One fine day in 1980 or so, when I was sitting around in my Junior English class, having finished my work early, I was doodling around on some lined paper when I came up with the drawing above. Something about the characters of the figures appealed to me, although I later realized that they were way out of proportion to each other (the Bear was way smaller than he should have been and of course the Elf way larger; their scale, I later determined, should be more a Baloo-and-Mowgli type thing). I kept drawing sketches of the two over the years, both separately and together, and began to have a more solidified idea about their personality and surroundings.
Finally when I decided to at last sit down in earnest and write a book, I chose these two as a jumping off point. I had read the famous advice (I cannot remember right now who first said it; Dumas?) that if one persevered and wrote just one page a day, by the end of the year you would have a book of 365 pages. I decided my book would not be epic, but episodic, each month would be one adventure in one chapter. So I persisted, and by the end of little more than a year I did have a book.
Then my mother suddenly died, and I was sunk in a profound gloom. I had dedicated many years of my life to taking care of her, and now a great reason to strive keep going seemed lost. One of the factors that helped pull me out of that gloom was my brother Mike volunteering to help me transcribe and edit my handwritten notebooks into a more presentable state.

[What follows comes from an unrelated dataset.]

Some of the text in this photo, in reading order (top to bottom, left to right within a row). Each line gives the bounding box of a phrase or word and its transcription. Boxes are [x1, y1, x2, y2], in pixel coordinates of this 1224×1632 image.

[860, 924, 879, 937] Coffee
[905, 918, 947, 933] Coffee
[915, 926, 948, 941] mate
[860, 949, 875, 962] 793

We had finished that task when not long after Mike passed away suddenly, leading to more depression and terrible inertia. I had to sell the old family house and get a job in town to help support the charity I was now living on from my sister. In the meantime, the format that we had saved the book on had gone out of style, and every time I almost transcribed the printed pages, some new computer crash would come along and wipe out whatever work I had done. At least I had the foresight before the last crash to mail the completed chapters to my brother John, and so only the lost the bulk of the chapter I had been working on. I am now going to try going back to task again, and in the meantime mean to put the story up here, a few pages at a time, to see what people (if anyone actually reads it) think of it. I'll probably start putting it out there later today.

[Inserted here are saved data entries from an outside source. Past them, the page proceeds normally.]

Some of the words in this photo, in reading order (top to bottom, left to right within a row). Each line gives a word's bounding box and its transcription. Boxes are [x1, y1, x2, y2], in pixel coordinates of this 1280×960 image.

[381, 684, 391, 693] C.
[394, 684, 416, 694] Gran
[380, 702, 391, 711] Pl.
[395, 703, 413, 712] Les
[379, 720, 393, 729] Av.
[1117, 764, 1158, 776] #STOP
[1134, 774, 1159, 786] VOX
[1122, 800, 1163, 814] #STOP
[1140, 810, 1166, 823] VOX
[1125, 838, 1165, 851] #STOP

It turns out to be a kind of book that doesn't get written much these days; the closest analog I can think (to compare it to something much greater) would be The Wind in the Willows. Elf and Bear have developed into the two sides of me, a sort of Fantastic Odd Couple if you will. Although I had no idea where I was going when I started, an overarching theme developed and is worked out in the last chapters, if we can stick to them for so long. Meanwhile, I hope it will be a pleasant ride, full of incident and accident.
One thing we could never settle on was a good title for the whole story. For years we just called it Elf-and-Bear; in the revisions Mike suggested we should really call it Bear-and-Elf. Anyway, if anyone can think of a better title I'd love to hear it, because I'm stumped.